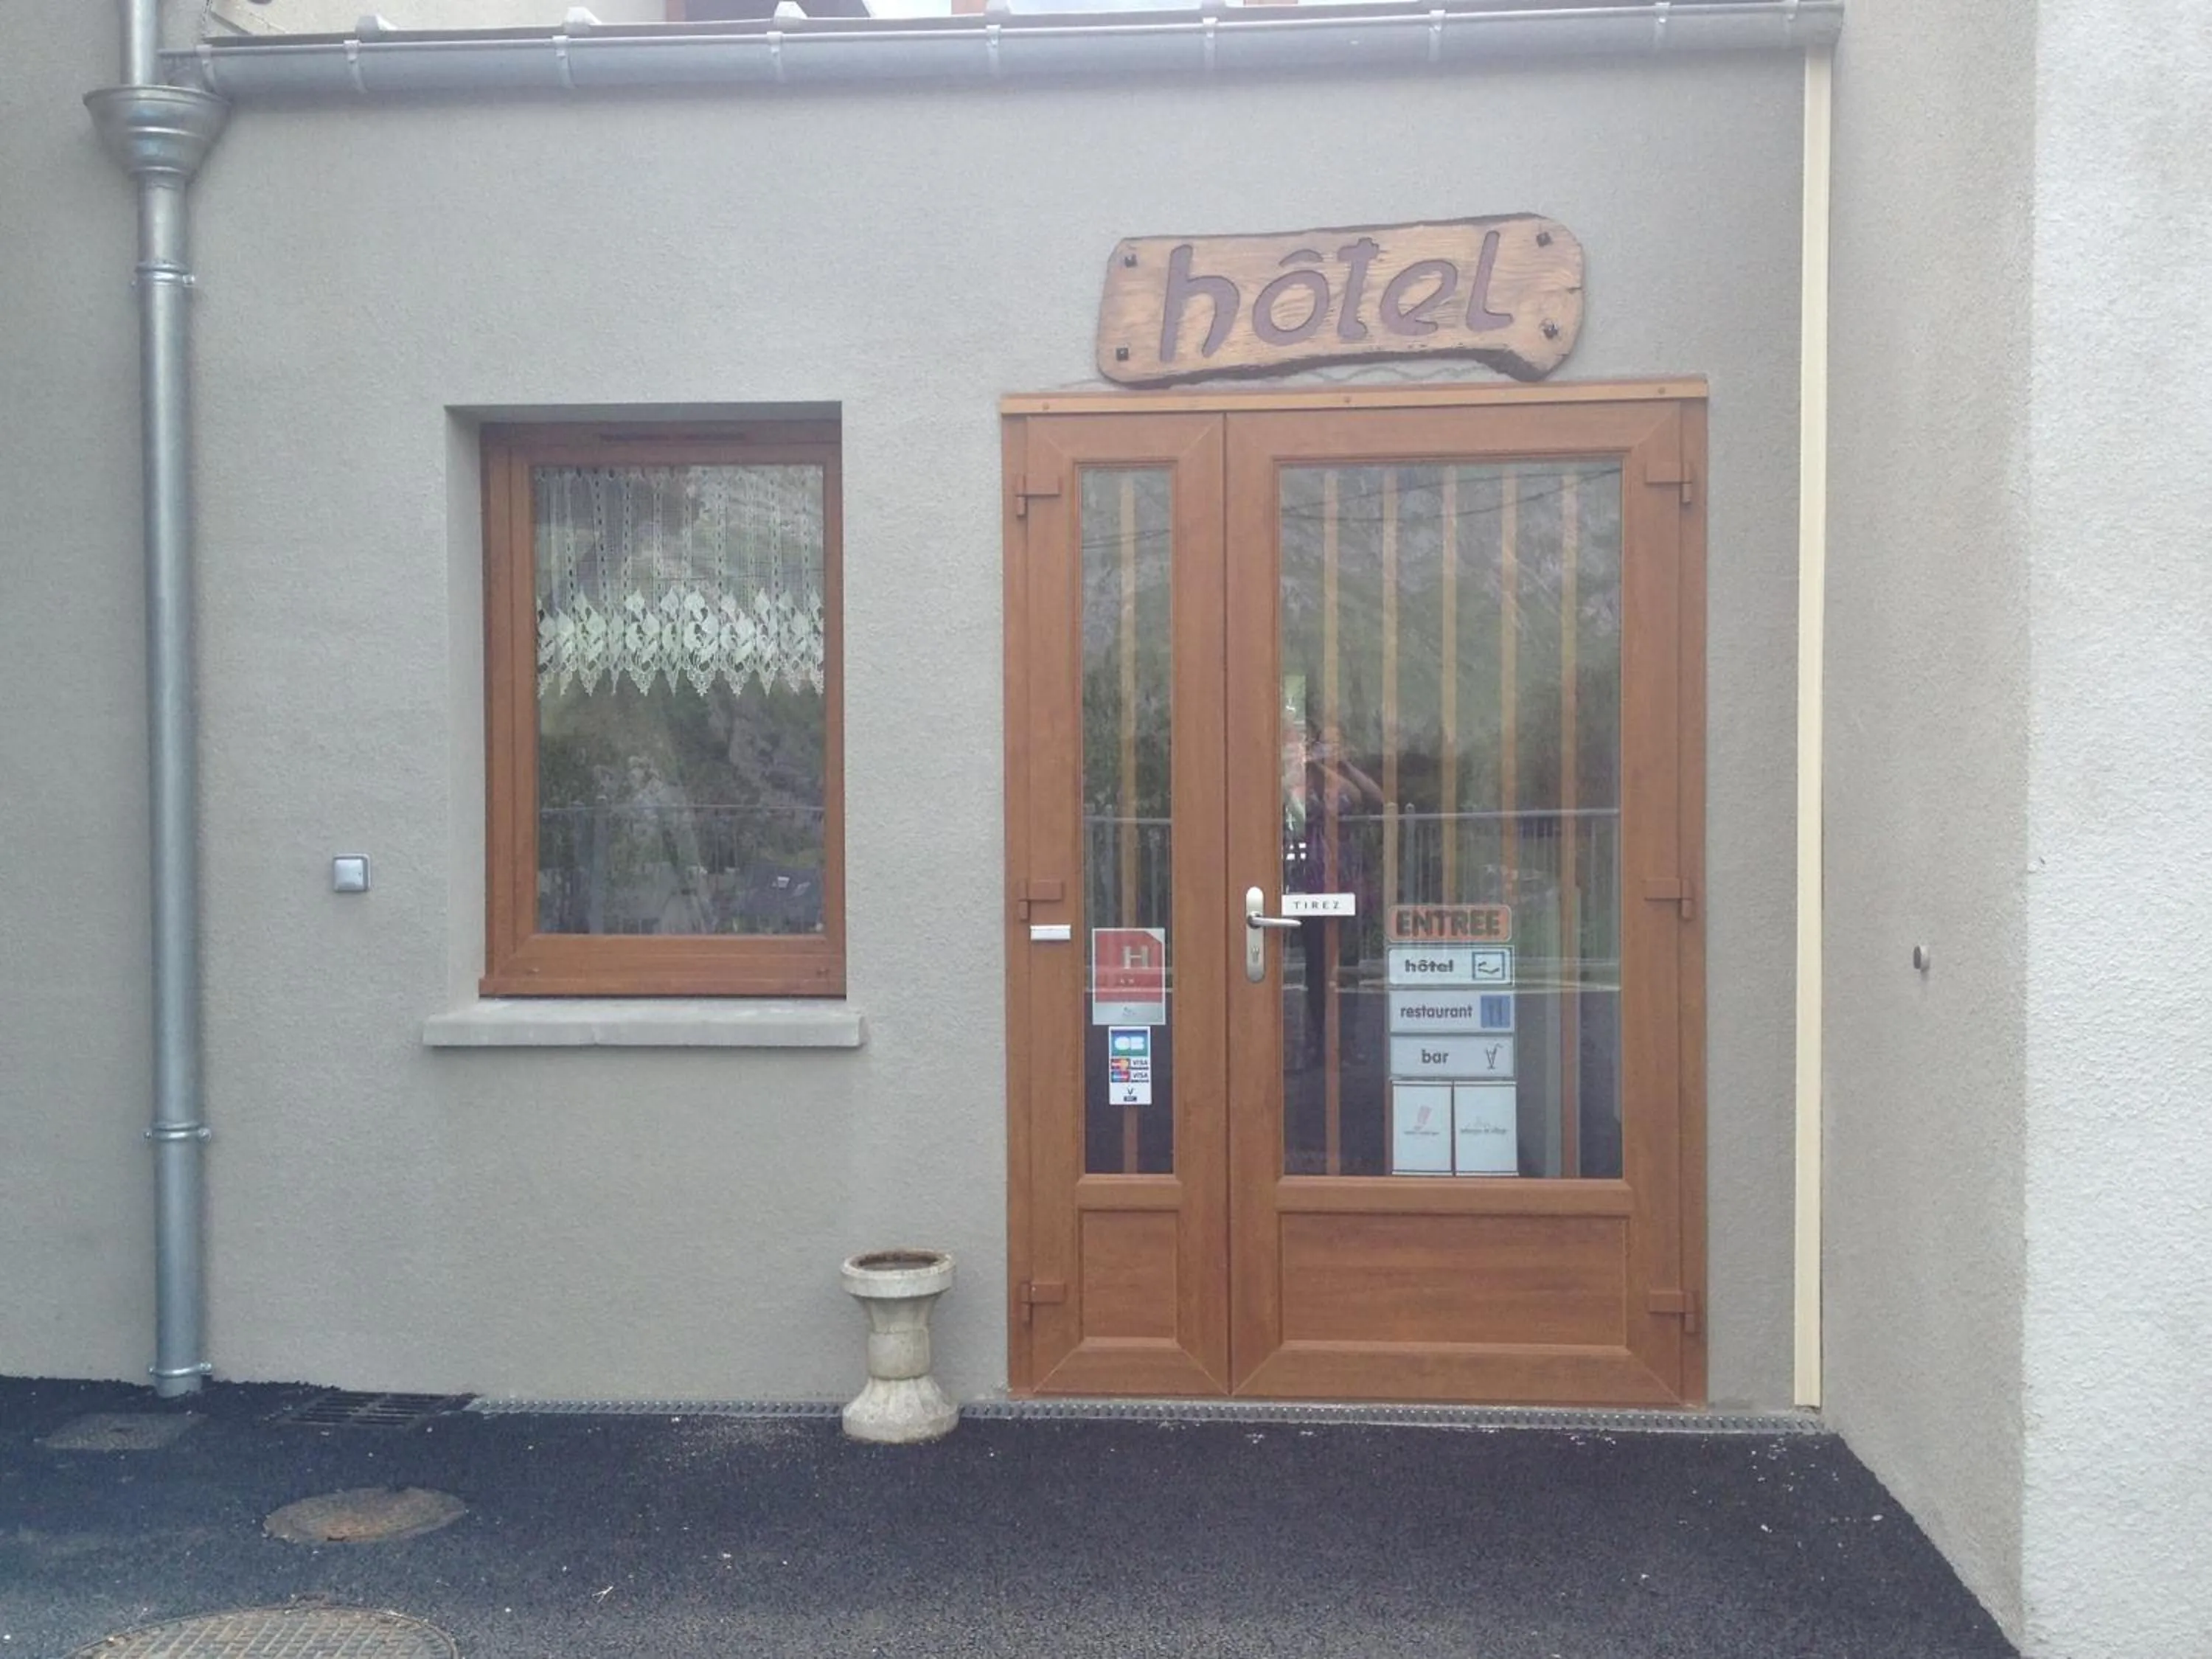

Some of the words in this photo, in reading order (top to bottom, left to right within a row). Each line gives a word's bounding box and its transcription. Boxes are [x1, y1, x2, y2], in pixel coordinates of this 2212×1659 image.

[1160, 230, 1514, 363] hôtel
[1293, 900, 1340, 910] TIREZ
[1396, 910, 1500, 937] ENTREE
[1123, 945, 1149, 970] H
[1405, 959, 1454, 973] hôtel
[1400, 1005, 1473, 1018] restaurant
[1421, 1049, 1449, 1064] bar
○ ○ ○ ○
■ **REQUIRED ACTION**
Everything in the records must be returned exactly, except the pictures.

■ **REPLY TO THE TASK**
Some of the words in this photo, in reading order (top to bottom, left to right within a row). Each line gives a word's bounding box and its transcription. Boxes are [x1, y1, x2, y2], in pixel coordinates of this 2212×1659 image.

[1160, 230, 1514, 363] hôtel
[1293, 900, 1340, 910] TIREZ
[1396, 910, 1500, 937] ENTREE
[1123, 945, 1149, 970] H
[1405, 959, 1454, 973] hôtel
[1400, 1005, 1473, 1018] restaurant
[1421, 1049, 1449, 1064] bar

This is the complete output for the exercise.